> [PROBLEM]: Because the copy must hold no pictures, return the data below with all of its words intact.

Images for object localization
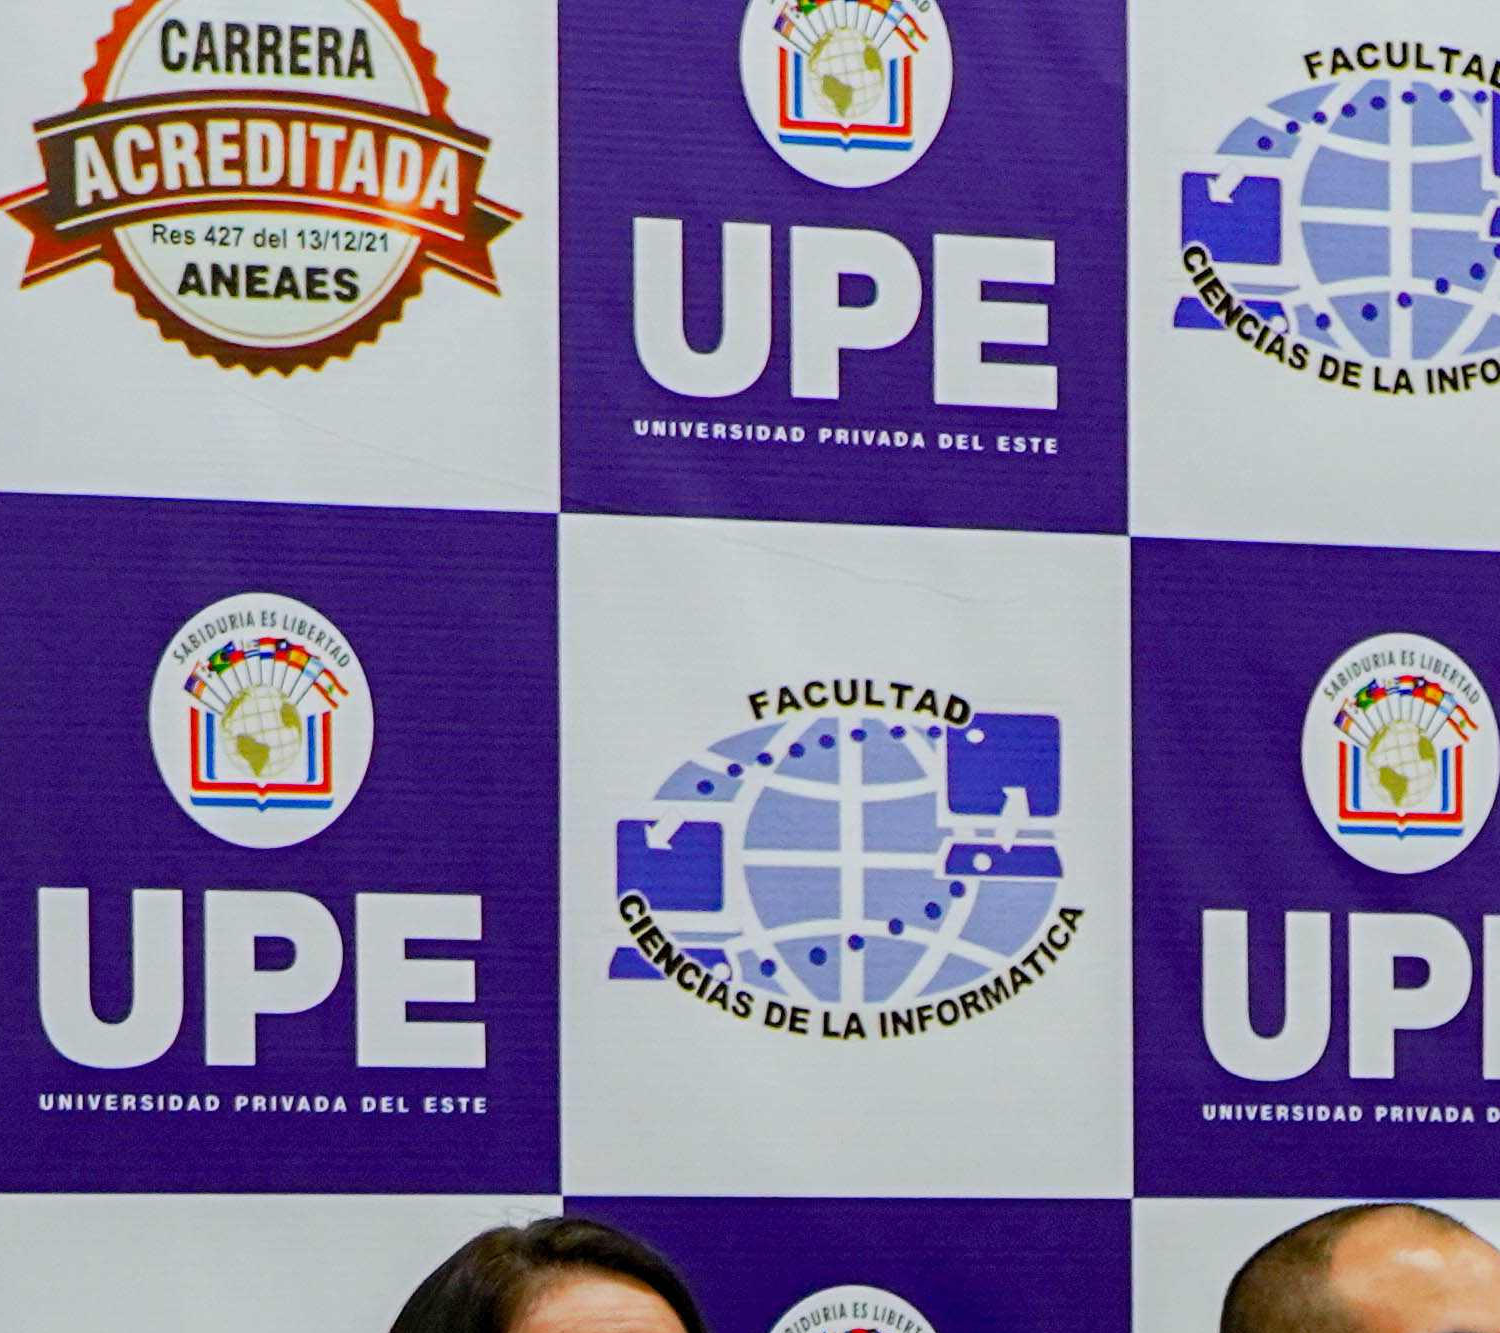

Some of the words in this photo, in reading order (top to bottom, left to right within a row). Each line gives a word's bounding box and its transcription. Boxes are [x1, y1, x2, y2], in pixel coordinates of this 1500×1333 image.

[160, 19, 375, 79] CARRERA
[73, 119, 460, 216] ACREDITADA
[152, 223, 195, 246] Res
[204, 225, 244, 247] 427
[253, 228, 287, 249] del
[296, 230, 389, 253] 13/12/21
[177, 262, 360, 303] ANEAES
[633, 216, 1058, 410] UPE
[1182, 244, 1308, 370] CIENCIAS
[1318, 354, 1362, 389] DE
[1373, 368, 1415, 395] LA
[633, 419, 805, 442] UNIVERSIDAD
[819, 427, 925, 448] PRIVADA
[938, 433, 985, 451] DEL
[997, 435, 1058, 454] ESTE
[172, 610, 256, 665] SABIDURIA
[260, 609, 278, 627] ES
[282, 613, 352, 669] LIBERTAD
[748, 678, 972, 727] FACULTAD
[1323, 650, 1396, 702] SABIDURIA
[1400, 649, 1416, 666] ES
[1420, 653, 1481, 706] LIBERTAD
[38, 887, 486, 1069] UPE
[618, 894, 754, 1019] CIENCIAS
[763, 1001, 810, 1036] DE
[822, 1012, 866, 1039] LA
[879, 904, 1085, 1039] INFORMATICA
[39, 1093, 221, 1112] UNIVERSIDAD
[234, 1095, 347, 1113] PRIVADA
[361, 1096, 409, 1114] DEL
[424, 1097, 488, 1115] ESTE
[1202, 1104, 1363, 1123] UNIVERSIDAD
[1375, 1105, 1475, 1124] PRIVADA
[852, 1302, 868, 1318] ES
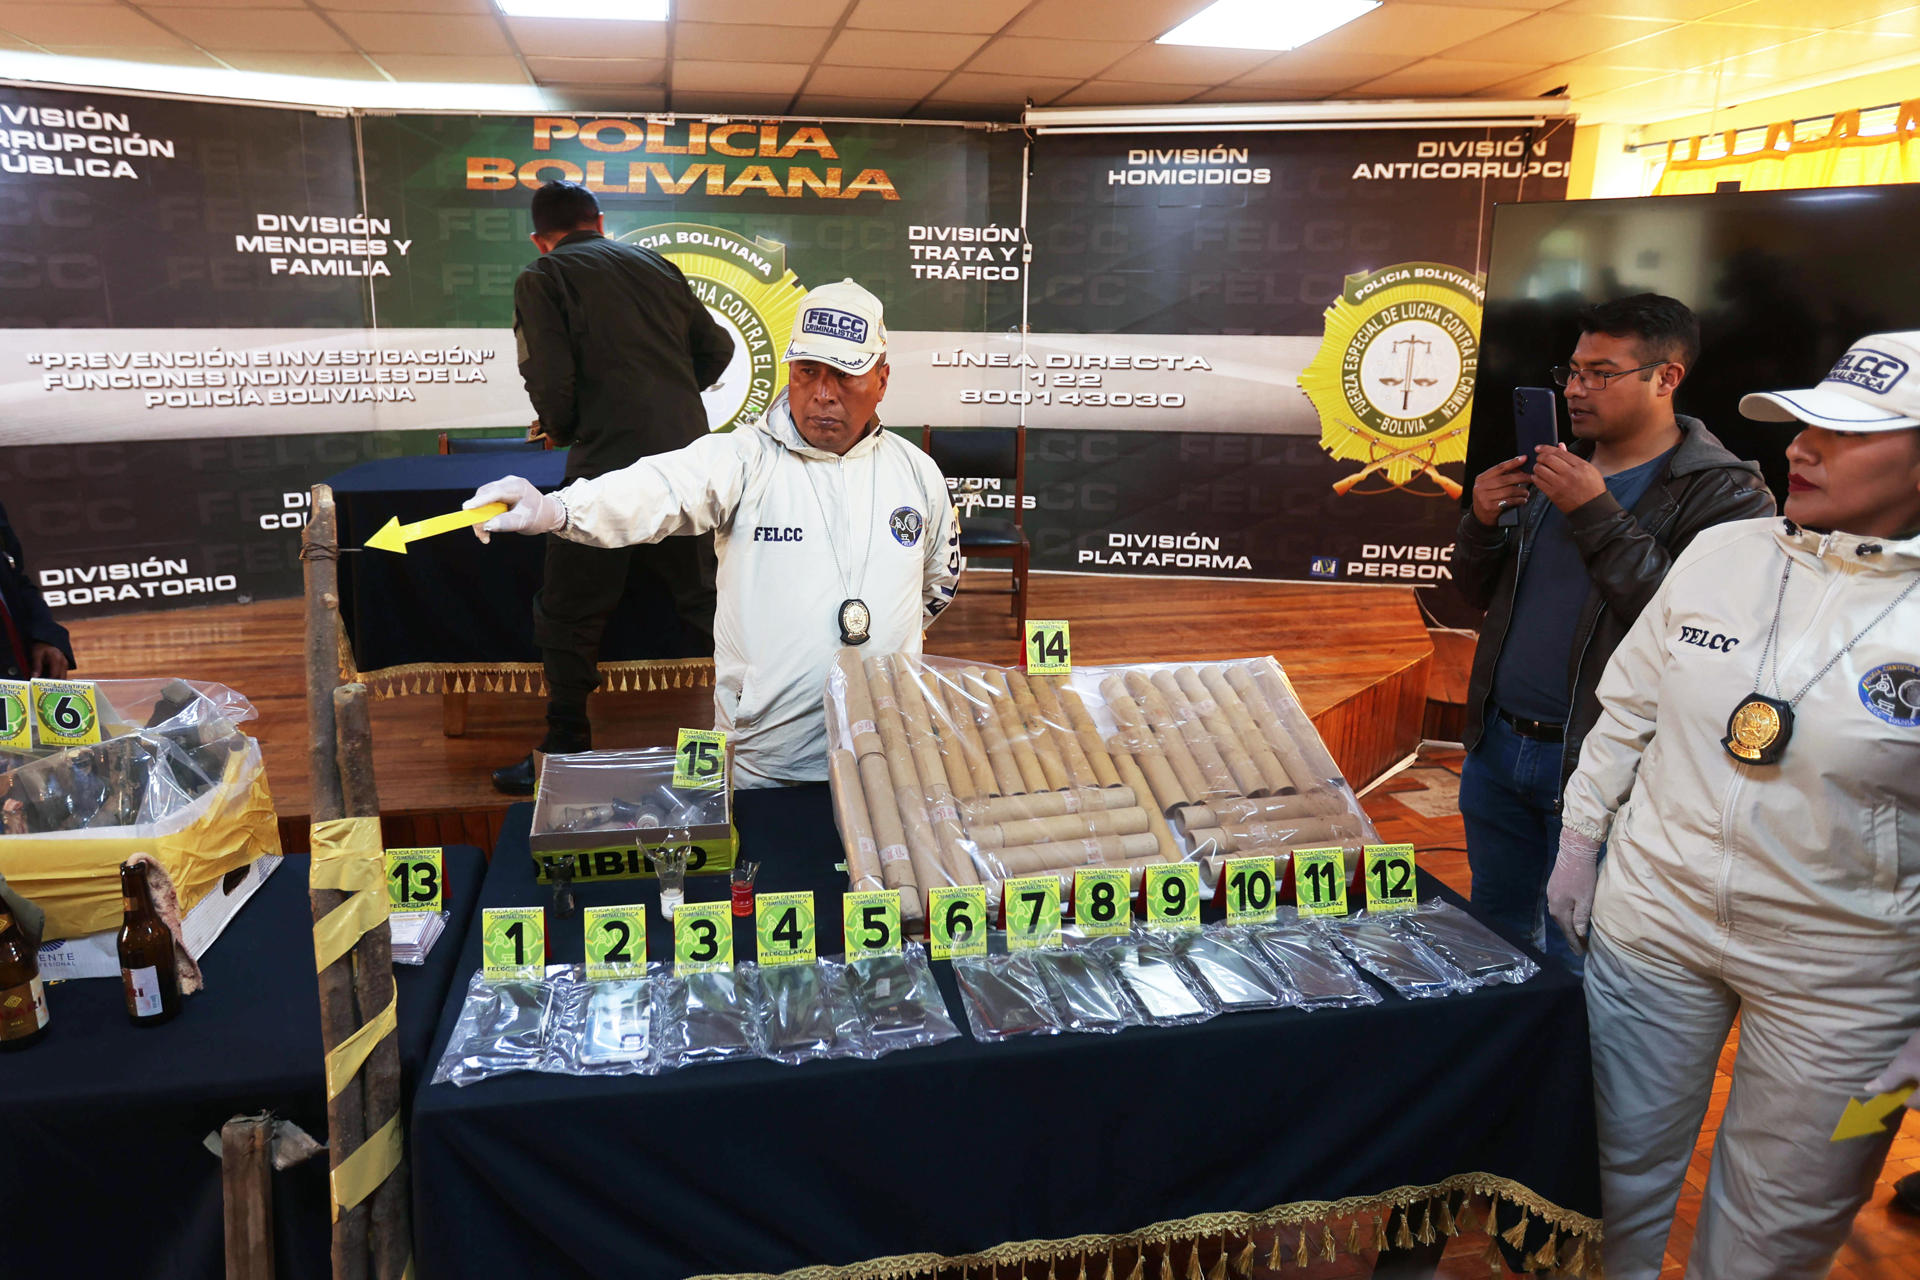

> [EXPECTED ANSWER]:
Some of the words in this photo, in reading order (top to bottom, left to right within a row). Each line gives a word's bounding box and its transcription. Boxes are [x1, y1, x2, y2], in pixel coordinates of this 1500×1333 image.

[160, 19, 375, 79] CARRERA
[73, 119, 460, 216] ACREDITADA
[152, 223, 195, 246] Res
[204, 225, 244, 247] 427
[253, 228, 287, 249] del
[296, 230, 389, 253] 13/12/21
[177, 262, 360, 303] ANEAES
[633, 216, 1058, 410] UPE
[1182, 244, 1308, 370] CIENCIAS
[1318, 354, 1362, 389] DE
[1373, 368, 1415, 395] LA
[633, 419, 805, 442] UNIVERSIDAD
[819, 427, 925, 448] PRIVADA
[938, 433, 985, 451] DEL
[997, 435, 1058, 454] ESTE
[172, 610, 256, 665] SABIDURIA
[260, 609, 278, 627] ES
[282, 613, 352, 669] LIBERTAD
[748, 678, 972, 727] FACULTAD
[1323, 650, 1396, 702] SABIDURIA
[1400, 649, 1416, 666] ES
[1420, 653, 1481, 706] LIBERTAD
[38, 887, 486, 1069] UPE
[618, 894, 754, 1019] CIENCIAS
[763, 1001, 810, 1036] DE
[822, 1012, 866, 1039] LA
[879, 904, 1085, 1039] INFORMATICA
[39, 1093, 221, 1112] UNIVERSIDAD
[234, 1095, 347, 1113] PRIVADA
[361, 1096, 409, 1114] DEL
[424, 1097, 488, 1115] ESTE
[1202, 1104, 1363, 1123] UNIVERSIDAD
[1375, 1105, 1475, 1124] PRIVADA
[852, 1302, 868, 1318] ES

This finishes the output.